PROVIDENCE, R.I. (WPRI) – After more than a decade of advising governors, legislators, business leaders and other community groups, John Simmons of the Rhode Island Public Expenditure Council is leaving at the end of the year.
Simmons, who became president and CEO in 2008, said he’s retiring from RIPEC to try and create better balance between his professional and personal lives.
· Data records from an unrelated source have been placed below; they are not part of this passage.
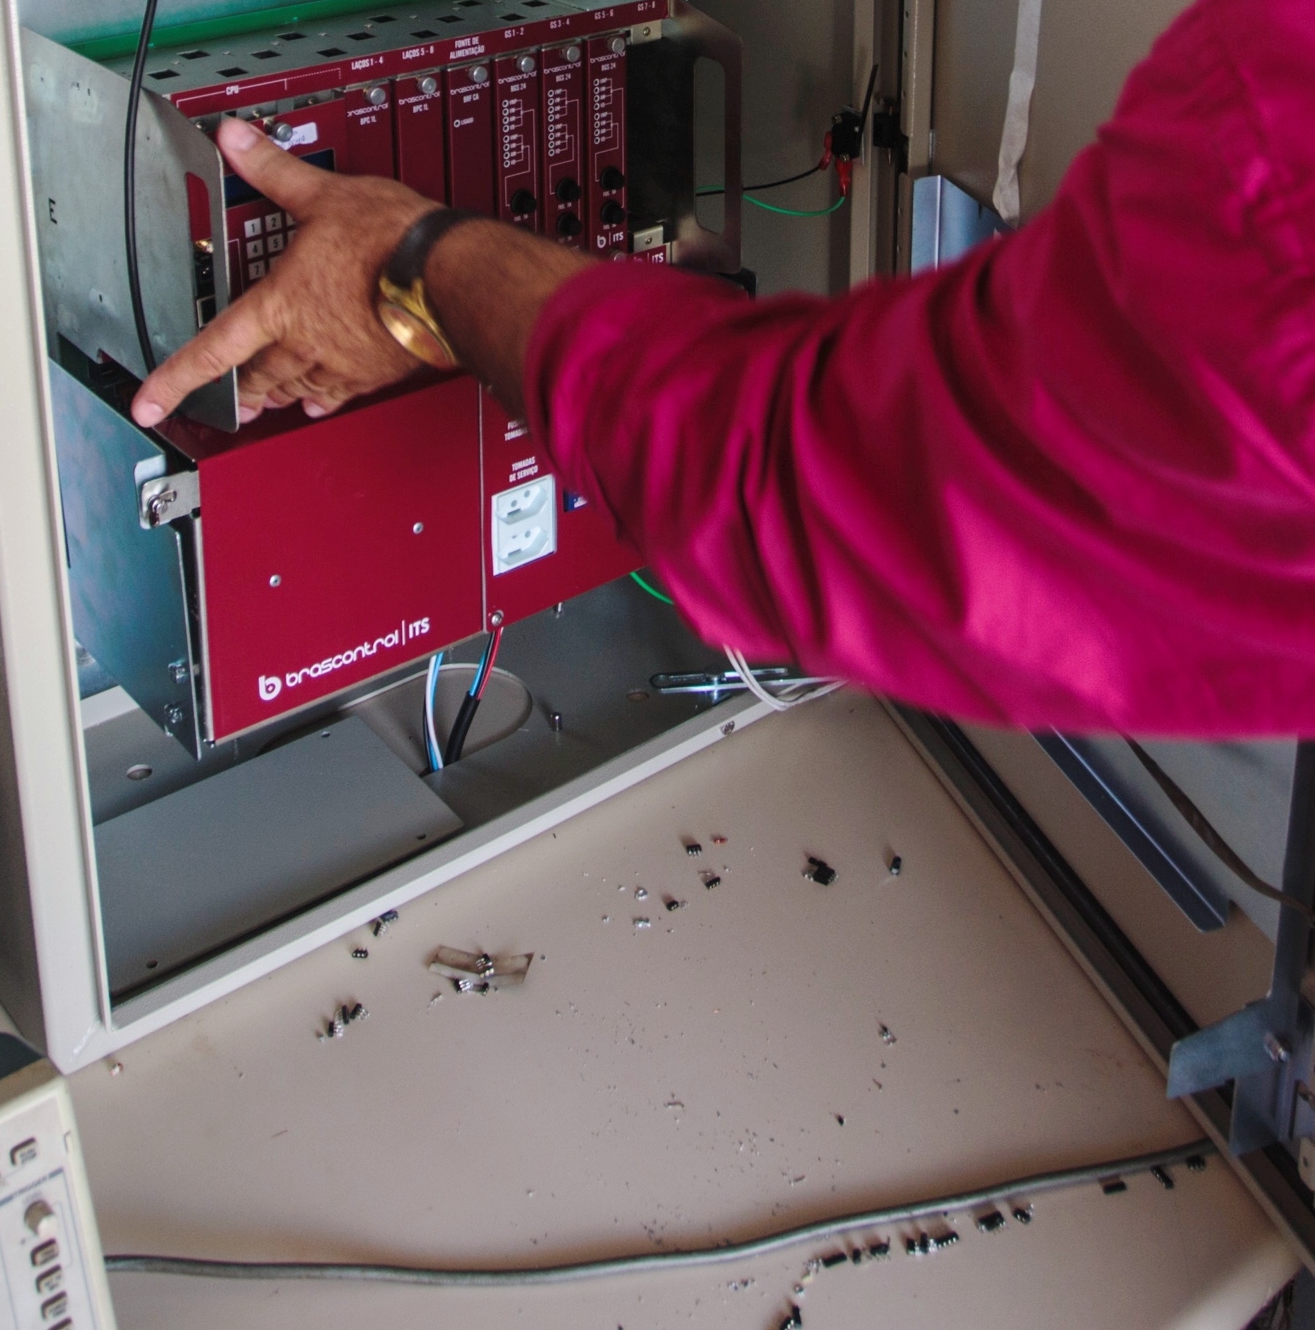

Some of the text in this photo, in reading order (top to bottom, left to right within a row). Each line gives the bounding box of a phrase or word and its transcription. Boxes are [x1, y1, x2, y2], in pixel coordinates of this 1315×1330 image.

[455, 36, 479, 48] FONTE DE
[402, 48, 420, 60] LAÇOS
[449, 45, 485, 59] ALIMENTAÇÃO
[351, 59, 370, 70] LAÇOS
[543, 61, 582, 75] brascontrol
[498, 71, 537, 85] brascontrol
[226, 85, 239, 95] CPU
[450, 81, 490, 95] brascontrol
[399, 91, 440, 105] brascontrol
[612, 232, 624, 242] ITS
[651, 252, 664, 264] ITS
[512, 456, 536, 471] TOMADAS
[509, 465, 539, 483] DE SERVIÇO
[285, 629, 399, 687] brascontrol
[408, 617, 430, 639] ITS
But he’s not retiring from work altogether.
“I’ve got some things I’ll be working on that I’m not quite ready to announce yet,” he said. “I’ll be around.”
Simmons is well-known around the R.I. State House and among the nonprofit and business communities, as he’s long helped lawmakers evaluate government initiatives and public policy over the years.
Before joining RIPEC, a public policy and finance research nonprofit, Simmons held various high-profile finance jobs in the public sector, including administration chief in Providence, chief finance officer in Boston and deputy general treasurer for Rhode Island.
During his tenure at RIPEC, Simmons is largely credited for helping move forward various initiatives, including the re-organization of the R.I. Commerce Corp., securing financing for school rebuilding and – most recently – ushering change to Rhode Island’s public education curriculum and governance.
“John Simmons has been RIPEC’s voice at the State House and beyond advocating for reforms to improve curriculum and institute statewide standards,” said Johnson & Wales university Chancellor Mim Runey, who serves as the chair of RIPEC’s board. “His thoughtful analysis in the areas of education and economic development have helped draft legislation that will impact Rhode Island for years to come.”
RIPEC has already formed a search committee made up of several well-known members of the business community to find Simmon’s replacement, according to a press release. Its members include Hinkley Allen partner Patrick Rogers, Amica president and CEO Robert DiMuccio, retired FM Global CEO Shivan Subramaniam and Bryant University President Ronald Machtley, who also plans to retire next year.
Simmons, who also plans to help with the selection process, said he’s looking forward to what comes next.
“It’s time for me to do something else,” he said. “New direction is always good.”